The incident doesn’t make it in to Bishop’s autobiography, How Did All This Happen?, which follows his journey from council estates in and around Liverpool and Cheshire to becoming one of Britain’s best known comedians.
Along the way he has a spell as a semi-professional footballer, travels across the US in a sports car, rides home from Australia on a bicycle and carves out a relatively successful career in medical sales.
It was the breakdown of his marriage led prompted him to pack that in and try out stand-up comedy.
He and his wife Melanie didn’t stay apart for long and the couple have now been together for 20 years, living at home in Cheshire with their three teenage sons.
“I spoke to a few people who had written books and they’d spoke to family members and friends to get stories or looked through photo albums... I didn’t do any of that,” says the 46-year-old, who was born in Liverpool, one of three children to Ernie and Kathy Bishop.
“If I didn’t remember it, it didn’t happen to me,” he continues.
“The only story in the book that came out of a conversation with someone else is when I was in the Comedy Store and a fella tried to commit suicide and ended up in the audience. That came out of a conversation I had with another comic who was there. I’d forgot all about it.”
To write the bulk of it he decamped to Spain and rented a villa on his own. Once he’d finished the first draft, Bishop sent copies around the family.
“I said ‘is there anything in that I’ve got wrong or you object to?. I did all that and it was OK. I finished the second draft, gave it to the wife to read, then it goes to print, they publish it, I send me dad a copy and he’s says ‘I’m 72, not 74!’.
“I couldn’t believe it.”
He adds: “Me dad’s dead funny and dead straight; you know where you are with me dad. My mum and dad both read the book and my mum phoned up saying how wonderful it was, that she’d laughed and cried... then she put me dad on. I asked him if he’d read it and he said ‘Yeah, it was good that, yeah.”
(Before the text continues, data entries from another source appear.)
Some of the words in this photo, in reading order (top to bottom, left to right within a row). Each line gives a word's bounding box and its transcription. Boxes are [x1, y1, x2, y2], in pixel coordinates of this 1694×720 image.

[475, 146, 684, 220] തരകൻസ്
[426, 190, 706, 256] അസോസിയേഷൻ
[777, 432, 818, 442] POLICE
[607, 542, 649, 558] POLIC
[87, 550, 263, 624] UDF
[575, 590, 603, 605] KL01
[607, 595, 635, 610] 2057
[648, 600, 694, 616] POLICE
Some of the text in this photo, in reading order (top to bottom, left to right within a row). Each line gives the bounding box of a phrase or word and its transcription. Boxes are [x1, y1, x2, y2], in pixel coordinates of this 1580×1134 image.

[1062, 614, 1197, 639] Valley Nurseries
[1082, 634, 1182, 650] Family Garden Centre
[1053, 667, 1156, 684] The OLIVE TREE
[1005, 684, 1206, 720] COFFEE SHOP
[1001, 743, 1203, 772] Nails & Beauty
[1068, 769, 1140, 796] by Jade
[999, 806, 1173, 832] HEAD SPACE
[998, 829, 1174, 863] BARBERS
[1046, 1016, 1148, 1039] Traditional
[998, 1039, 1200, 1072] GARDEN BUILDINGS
The reaction of his three teenage songs was similarly downbeat.
“One morning over breakfast they said they’d all finished it and I asked them ‘what did you think?’ They said: ‘Yeah, it was all right’”, which makes him howl with laughter.
“That was probably glowing praise from them. And it was the longest conversation I’d had with them in six months.”
Details of his marriage breakdown and his wife’s miscarriage opened up his family to public scrutiny; something he was well aware of when writing the book.
“I asked her if she was OK with all of it. I said ‘I’ve come to a point where I don’t think I can write anymore unless I put those aspects of it in because I can’t mentally explain why I’ve done all the other things I’ve done in my life.’ And fair play, Melanie was very supportive. I hope I’ve represented what it all meant to her as well.”
He adds: “I’m not going to lie, there’s a little bit of nervousness. If you’re in the limelight you get the praise and you learn how to deal with the criticism but if you’re a family member you don’t get that thick skin.”
Unlike many celebrity autobiographies, How Did All This Happen? doesn’t grind to a halt just as fame is looming.
“I told the publishers that this would be one book,” he says.
“I’m not doing that thing where I write a book up to the age of 21 then you get another one next year.”
He’s written it up to the end of last year, therefore covering the sell-out arena tours, TV shows and Paris to London challenge which raised over £4m for Sport Relief.
“If I do another book it’ll be in another 46 years time,” he promises.
“I gave it that title because it’s what I keep asking myself. Even now. You get used to certain aspects of it and there is a tipping point where you think ‘well that’s it now, I’m officially famous’”.
He concedes: “Even if they kick me off the telly I can’t go back to the person I was but I want to let people know who that person was.”
Bishop will be back on tour next year and returning to the Capital FM Arena, despite the punch up last time.
“Nottingham is a great city to play.”
He adds: “Doing stand-up is what my job is now. Everything else is an add-on.”
A League of Their Own.
"I had a few issues with availability with the last series but I made myself available with this series. I was asked to do one and I said no. I’m still really good mates with the lads. I’ll go on holiday with Jamie and I’ll see James a lot, I was seeing Freddie every week over the summer. Sky don’t know why, the producers keep saying 'I don’t know why'... it just didn’t happen."